Imagine it’s spring break. A safe and successful California road trip with friends has so far consisted of a perfect day at the beach and a magical experience at Disneyland. Of course, all those Kodak moments have been captured on the best camera of the bunch. These are memories to last a lifetime, and there’s no better way to remember them than through everlasting photographs.

It’s the last day of the trip and you want to make it the best. Grabbing a quick lunch, while your camera was poking halfway out of your unzipped purse, your camera, and all your treasured moments, was stolen in less than 30 minutes.

Of course you’re devastated, and at this point you have one of two choices: Do something about it, or don’t.
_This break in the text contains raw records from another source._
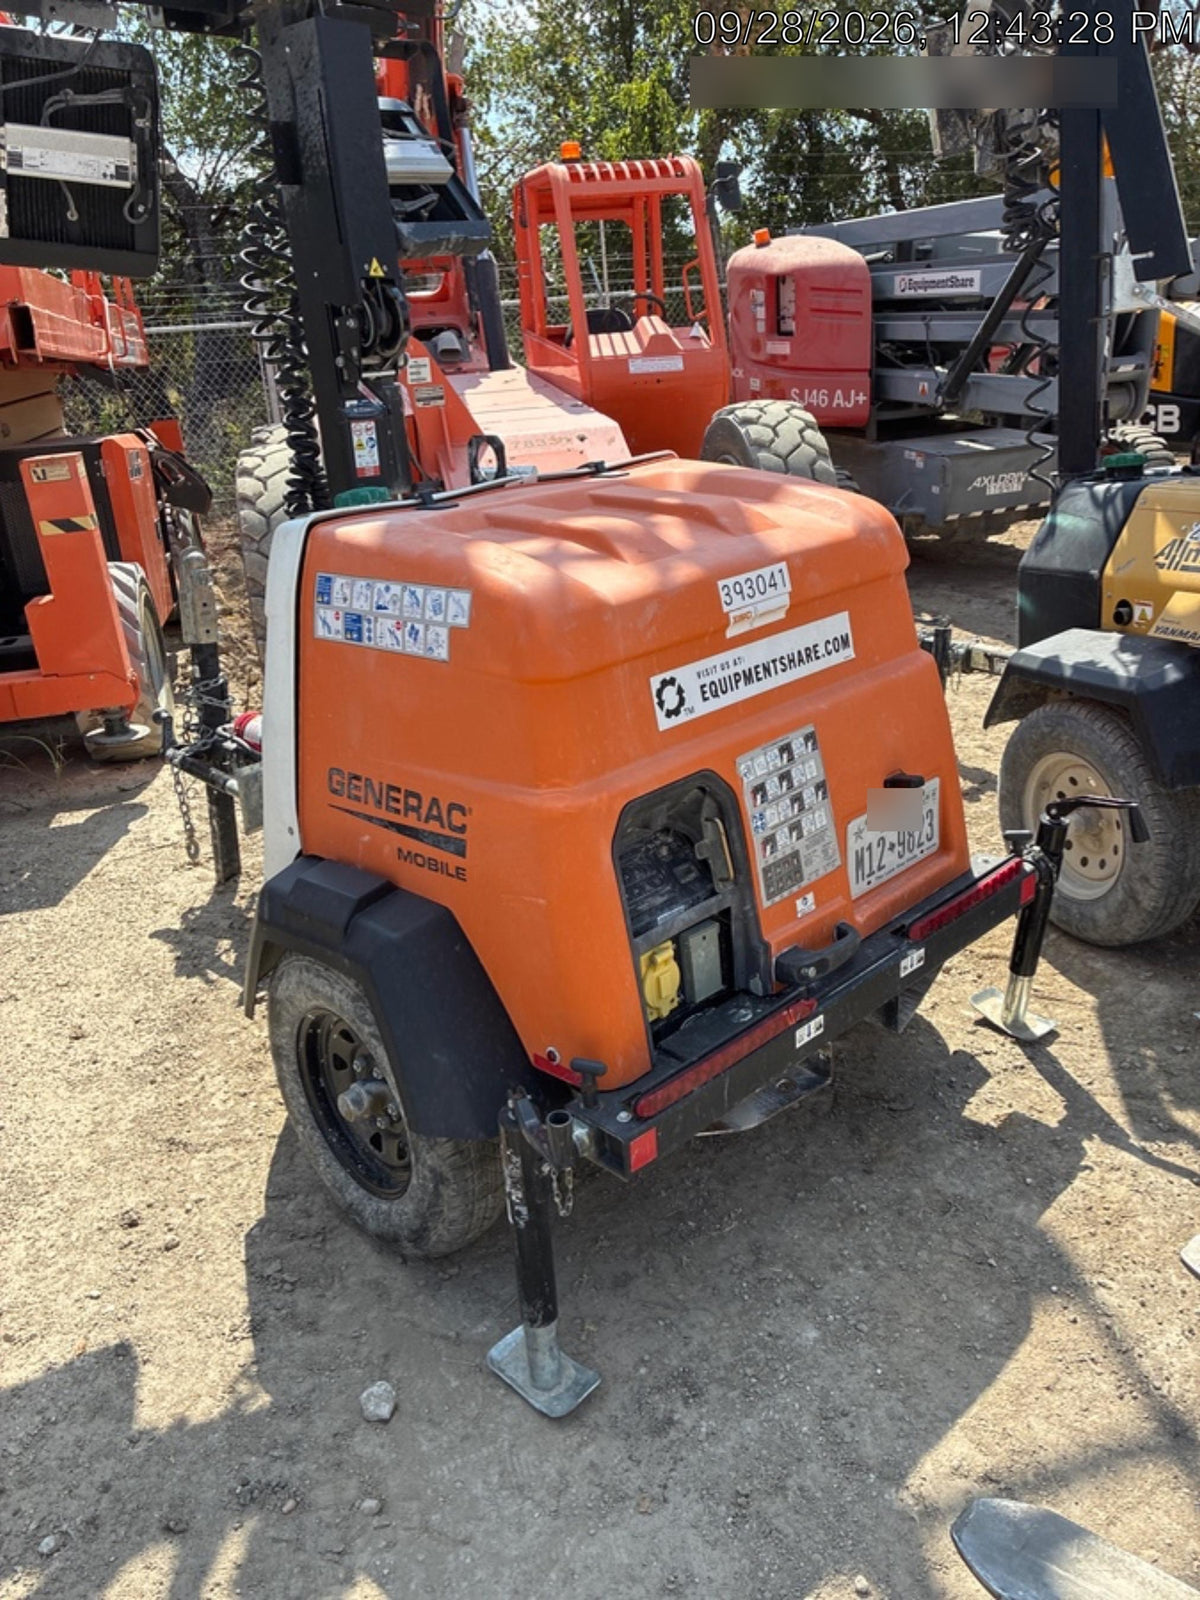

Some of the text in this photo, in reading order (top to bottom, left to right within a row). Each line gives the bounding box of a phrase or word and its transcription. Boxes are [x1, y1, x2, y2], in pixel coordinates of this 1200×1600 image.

[907, 275, 975, 291] EquipmentShare
[832, 388, 867, 408] AJ+
[721, 568, 787, 607] 393041
[696, 665, 718, 679] VISIT
[720, 662, 730, 671] US
[699, 632, 850, 703] EQUIPMENTSHARE.COM
[328, 767, 467, 834] GENERAC
[397, 847, 467, 882] MOBILE
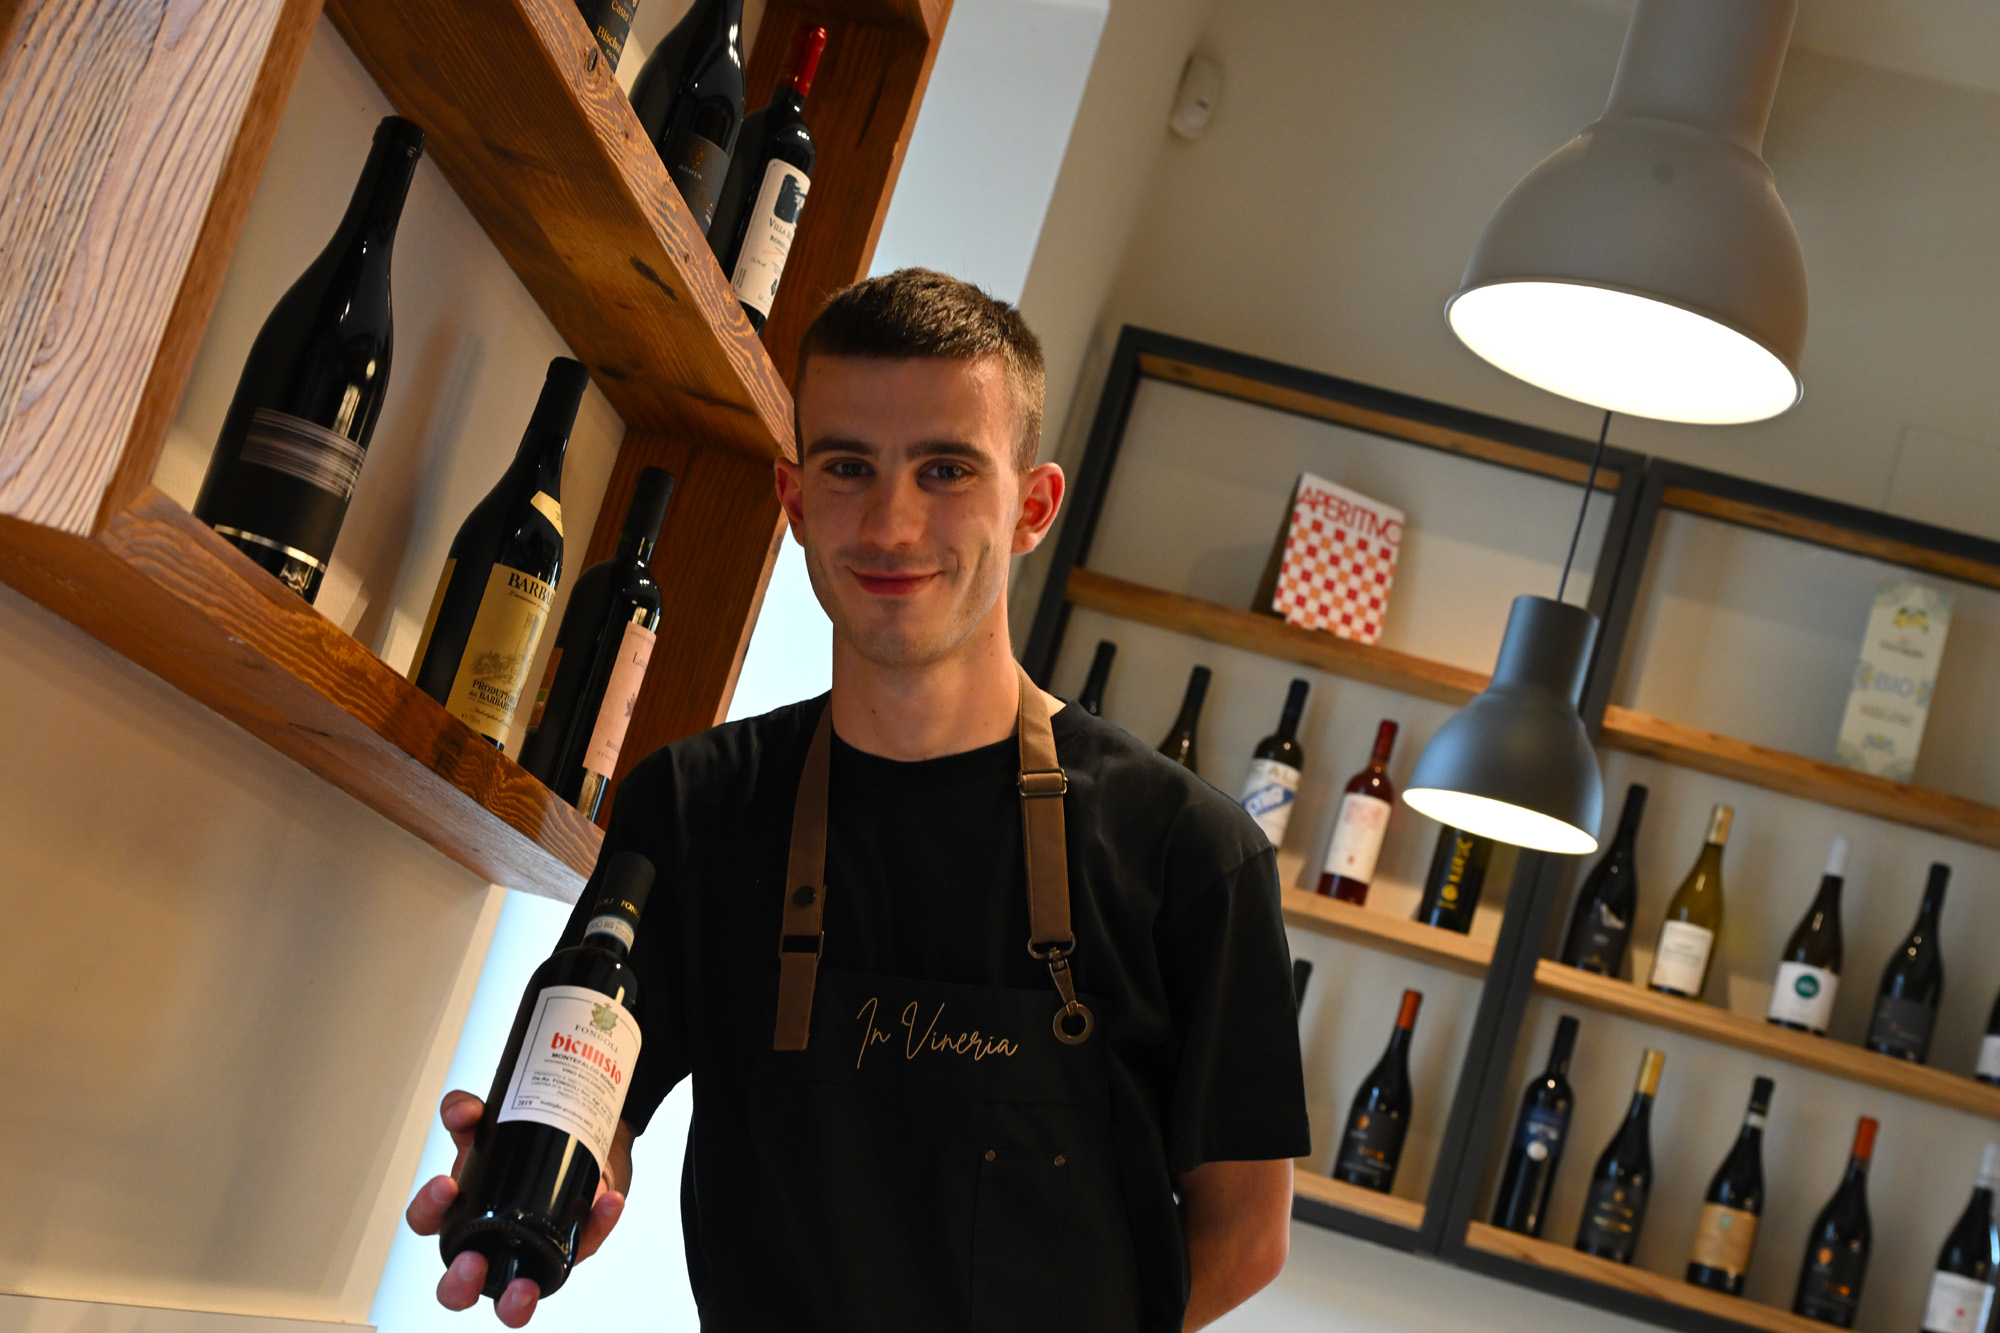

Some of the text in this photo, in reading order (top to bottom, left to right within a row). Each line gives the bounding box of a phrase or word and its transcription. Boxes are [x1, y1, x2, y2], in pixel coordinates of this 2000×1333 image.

[1298, 486, 1404, 546] APERITIVO
[574, 1024, 619, 1053] FONGOLI
[901, 1001, 1018, 1061] Vineria
[551, 1052, 600, 1075] MONTEFALCO
This is my story, this was my spring break, and I chose to do something about it.


Being proactive and filing a police report in the city the camera was stolen was the first step. But this wasn’t enough for me; I was determined to get the camera back any way I could.
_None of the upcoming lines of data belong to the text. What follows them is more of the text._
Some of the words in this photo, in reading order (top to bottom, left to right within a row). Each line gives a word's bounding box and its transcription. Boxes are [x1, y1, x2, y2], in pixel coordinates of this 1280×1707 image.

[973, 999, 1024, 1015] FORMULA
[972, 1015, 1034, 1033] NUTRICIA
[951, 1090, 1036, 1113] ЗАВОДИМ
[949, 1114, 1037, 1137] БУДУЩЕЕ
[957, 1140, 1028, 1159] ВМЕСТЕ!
I checked eBay and Craigslist, assuming the thief wanted quick cash. Surprisingly, I stumbled upon a Craigslist ad that matched the missing camera. I forwarded it to the police, and they are now completing an investigation to buy it back undercover.

How does this apply? Why does this matter?
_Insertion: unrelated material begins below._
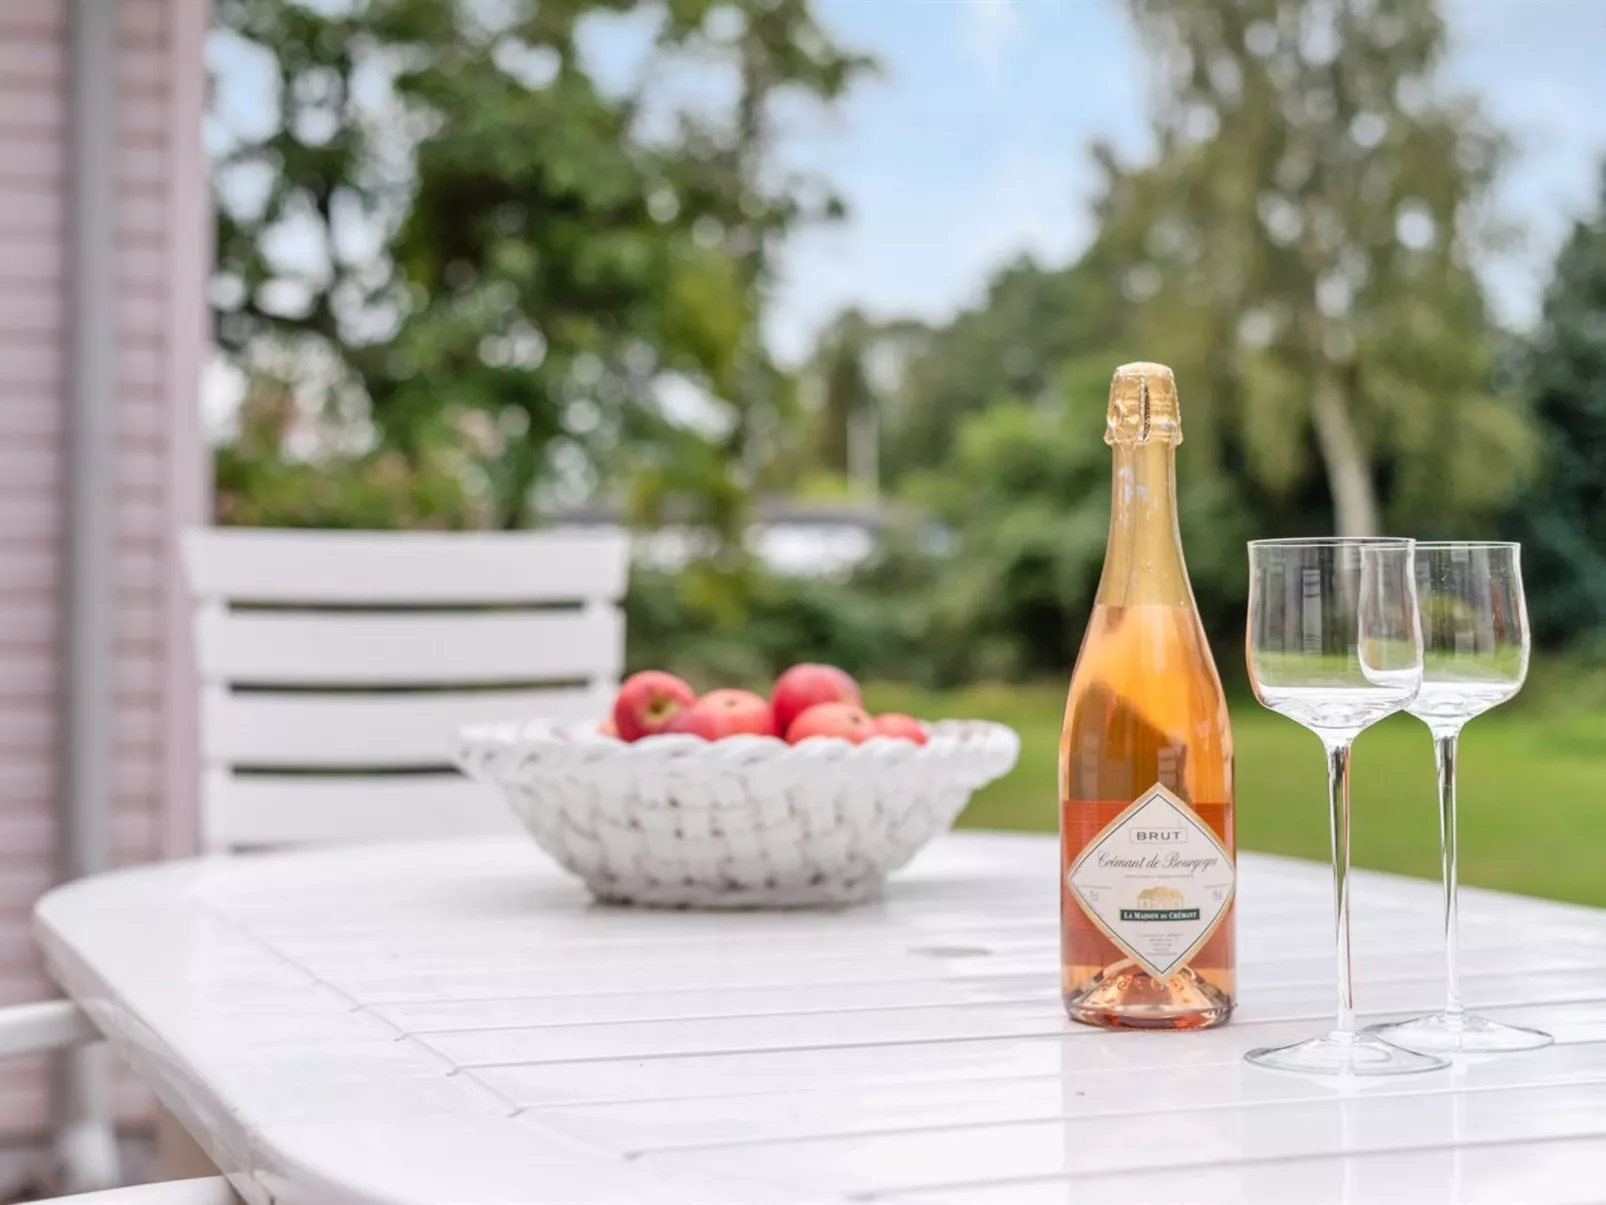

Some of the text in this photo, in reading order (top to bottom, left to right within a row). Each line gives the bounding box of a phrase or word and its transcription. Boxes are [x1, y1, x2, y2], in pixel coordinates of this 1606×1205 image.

[1136, 831, 1182, 841] BRUT
[1097, 850, 1146, 869] Crémant
[1146, 852, 1159, 868] de
It matters for every student that has ever had a valuable possession stolen. It matters because the majority of us think, “Why bother? I’m never getting that back.” But by just starting to take action, you are increasing your chance.

Here are some tips from on-campus police officers about preventing theft and getting stuff back.

Avoid valuables from being stolen in the first place by taking preventative measures.

1 Don’t be so trusting as to leave your items with a stranger on campus. Just because it’s Happy Valley doesn’t mean people don’t steal.

2 Don’t leave your stuff in the open when leaving to go to the restroom or anywhere, even if just for a minute.

3 Don’t take a nap while leaving your backpack or bag in sight. At the very least, have it tucked under, or tied to, your arm so you can feel the tug if someone attempts to take it or its contents.

On the off chance that you may have something stolen, be prepared with steps that will help you get your valuables back.

1 Record all of your serial numbers for the following items: laptop, cell phone, iPod, camera, textbook or recorder. Without this, the police cannot help you.

2 Photograph all of your most treasured items.

3 Write out descriptive details for item that you wouldn’t want to lose. Be especially careful to photograph jewelry; it does not have serial numbers, so these photographs are crucial.

If, despite all precautions, you have been stolen from, here’s how to get your item back.

1 Immediately file a police report. The police take you seriously and care.

2 For campus crimes, file a report on the UVU Police website.

3 Monitor local pawnshops, Craigslist, KSL and eBay.

4 Follow through on any evidence you collect and immediately forward it to the police. It can pay off.

Remember that there is no lost hope if you are assertive, persistent and willing to go the extra mile. Just remember to take preventative measures, be prepared and take action.